I particularly like "D" on this page. Does anyone have experience with these lunar lights? I like the concept, but don't know if it's worth another $200.

VAGENDA OF MANOCIDE
Aug 1, 2004

whoa, what just happened here?







College Slice
I like the Sunlight Tek and Tek Elites myself.

You could always buy a couple of metal tube things from a HD/Lowes/etc and have them bend them there for you, then you'd just attach them to your stand and voila, hang a pendant. Go open-top in that case.

optikalus
Apr 17, 2008
I have a 6x54w Current USA Nova Extreme Pro (individual reflectors) sitting collecting dust, because I replaced it with a super cheap (but actually nicely made) 2x250 HQI from aquatraders. If you were in socal, I'd sell you my NEP cheap.

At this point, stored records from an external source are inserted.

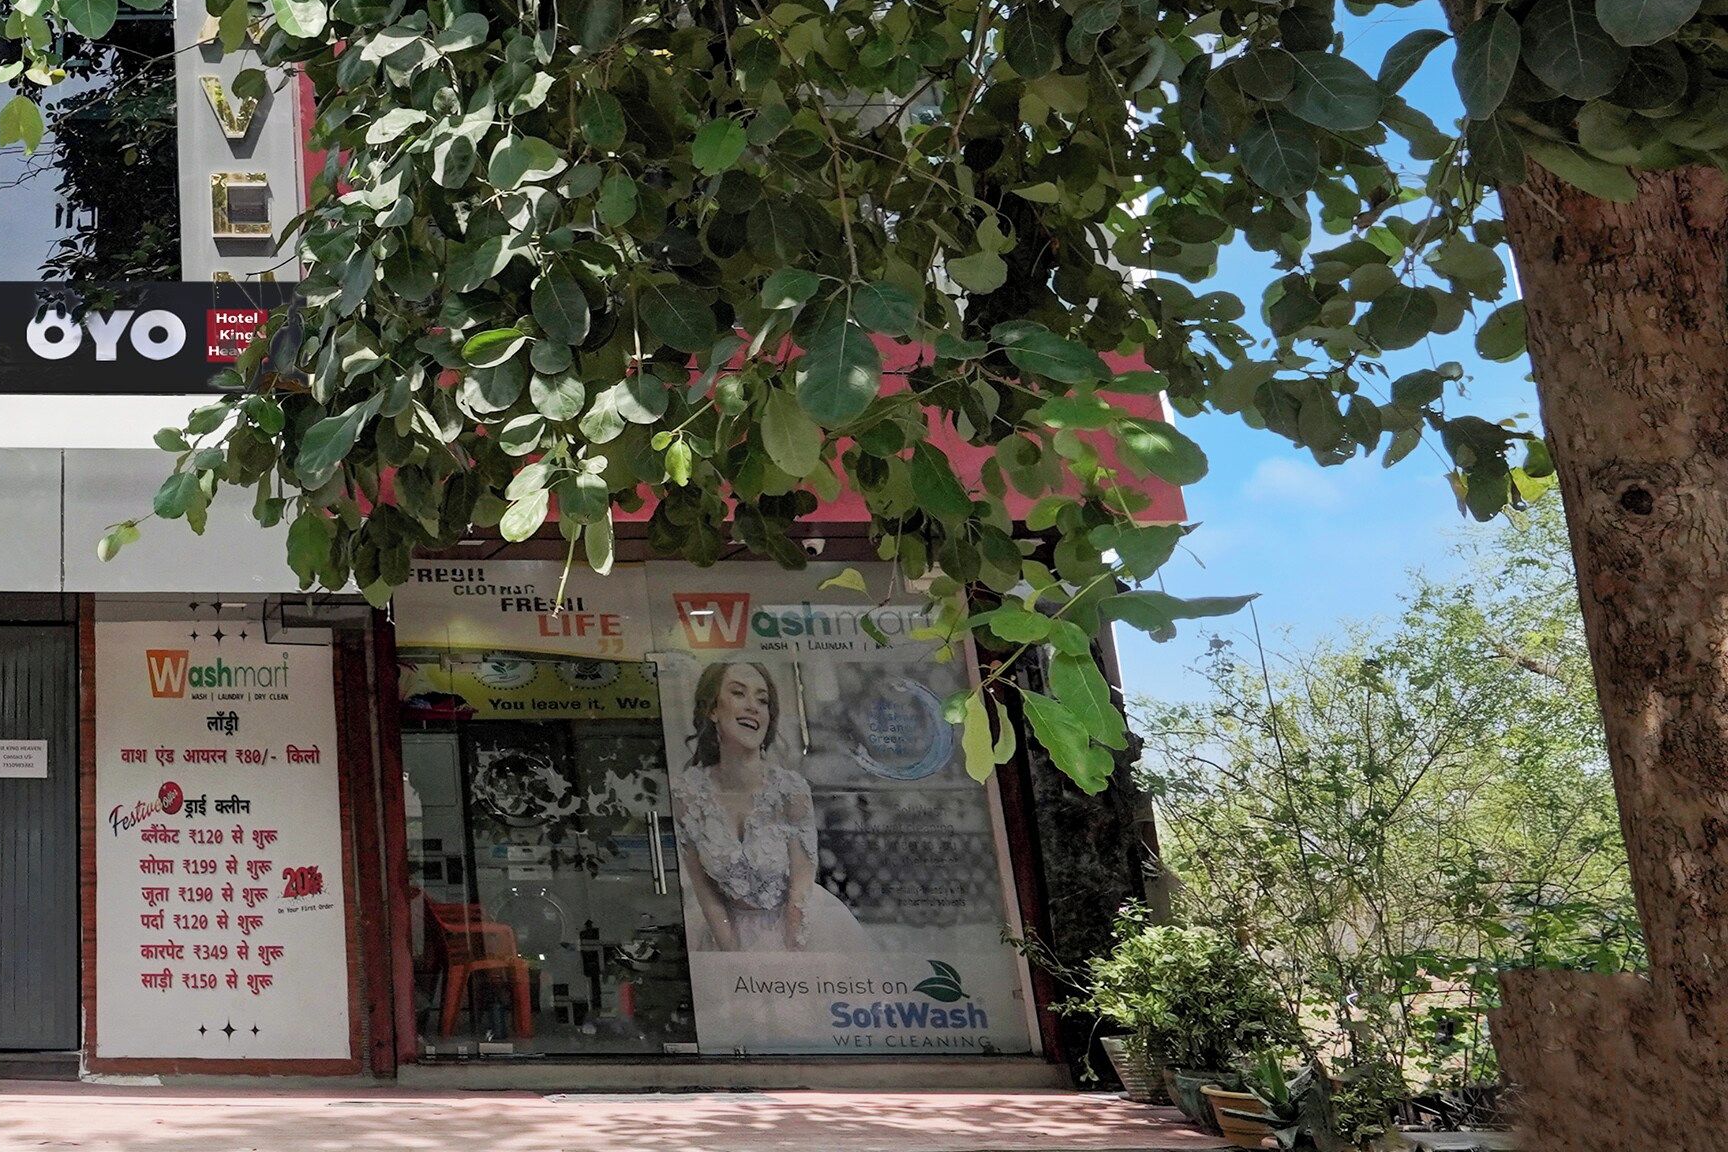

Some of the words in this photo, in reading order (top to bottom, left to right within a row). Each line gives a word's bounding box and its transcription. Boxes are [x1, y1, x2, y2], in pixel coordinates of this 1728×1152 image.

[216, 313, 258, 324] Hotel
[27, 309, 186, 361] OYO
[219, 329, 254, 343] King
[208, 346, 247, 356] Heav
[538, 613, 623, 637] LIFE
[149, 657, 290, 693] Washmart
[488, 698, 525, 710] You
[531, 698, 581, 710] leave
[588, 698, 606, 711] it,
[615, 697, 652, 710] We
[121, 749, 147, 764] वाश
[156, 746, 175, 766] एंड
[183, 749, 227, 764] आयरन
[236, 748, 277, 766] ₹80/-
[286, 744, 320, 764] किलो
[109, 799, 162, 838] Festive
[184, 794, 206, 818] ड्राई
[215, 795, 250, 814] क्लीन
[141, 824, 180, 844] ब्लैंकेट
[189, 829, 223, 844] ₹120
[231, 824, 244, 844] से
[252, 829, 278, 849] शुरू
[139, 854, 174, 876] सोफ़ा
[183, 859, 217, 874] ₹199
[225, 855, 238, 875] से
[246, 860, 272, 880] शुरू
[141, 887, 170, 907] जूता
[178, 887, 213, 902] ₹190
[221, 882, 234, 902] से
[242, 887, 268, 908] शुरू
[141, 909, 165, 930] पर्दा
[173, 914, 208, 930] ₹120
[216, 909, 229, 930] से
[237, 915, 263, 935] शुरू
[141, 939, 184, 960] कारपेट
[193, 944, 228, 960] ₹349
[237, 940, 249, 960] से
[258, 945, 285, 966] शुरू
[141, 968, 173, 993] साड़ी
[182, 973, 217, 989] ₹150
[225, 969, 238, 989] से
[247, 974, 273, 995] शुरू
[734, 976, 810, 998] Always
[816, 976, 874, 994] insist
[882, 979, 908, 994] on
[830, 1001, 988, 1029] SoftWash
[832, 1034, 872, 1047] WET
[885, 1034, 992, 1048] CLEANING
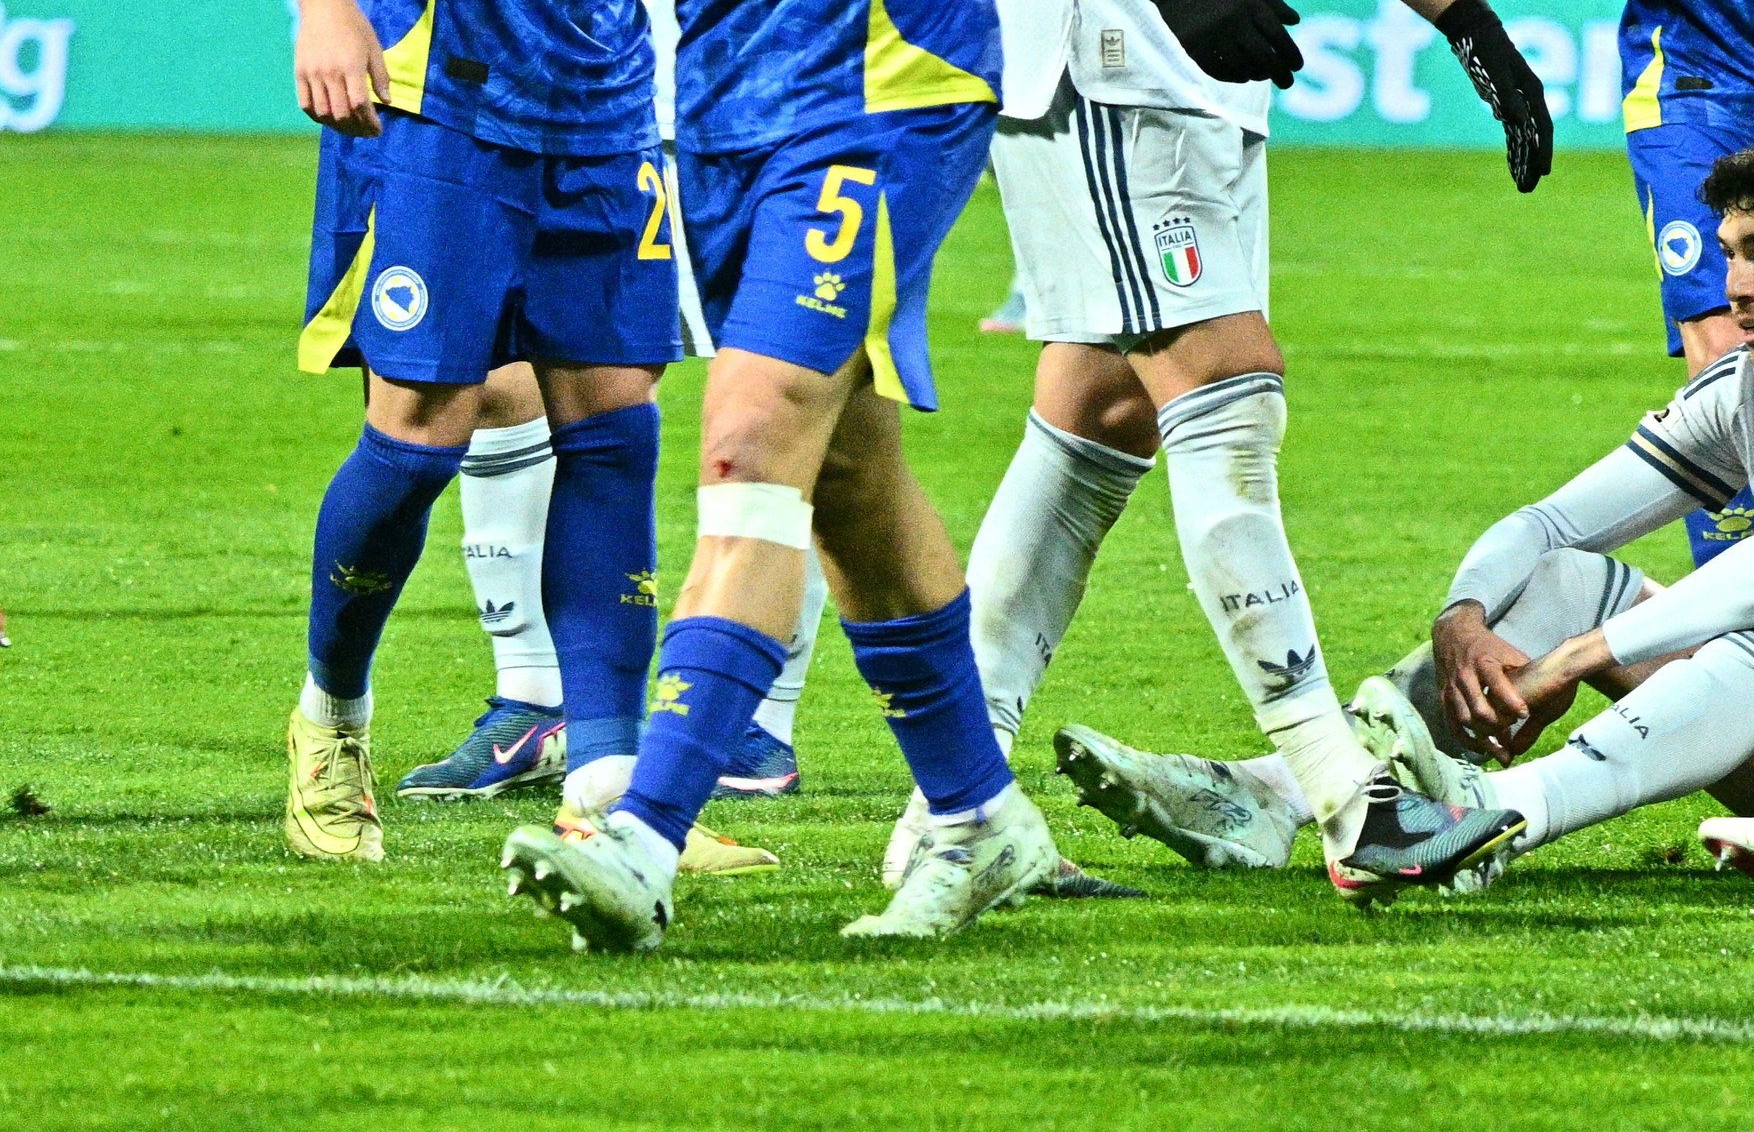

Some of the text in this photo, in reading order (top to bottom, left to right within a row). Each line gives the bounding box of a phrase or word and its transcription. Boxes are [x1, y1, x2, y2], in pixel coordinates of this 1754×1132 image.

[637, 161, 677, 260] 2
[804, 164, 877, 263] 5
[1158, 230, 1193, 248] ITALIA
[1220, 580, 1300, 613] ITALIA

However, the lunar lights are pretty handy (my 2x250 has them, but the NEP doesn't). Its nice being able to see what's going on in there without having to turn on the room light and disturbing everything.

Troublemaker
Mar 12, 2007

optikalus posted:

I have a 6x54w Current USA Nova Extreme Pro (individual reflectors) sitting collecting dust, because I replaced it with a super cheap (but actually nicely made) 2x250 HQI from aquatraders. If you were in socal, I'd sell you my NEP cheap.

However, the lunar lights are pretty handy (my 2x250 has them, but the NEP doesn't). Its nice being able to see what's going on in there without having to turn on the room light and disturbing everything.

Sadly, I'm clear across the country from SoCal.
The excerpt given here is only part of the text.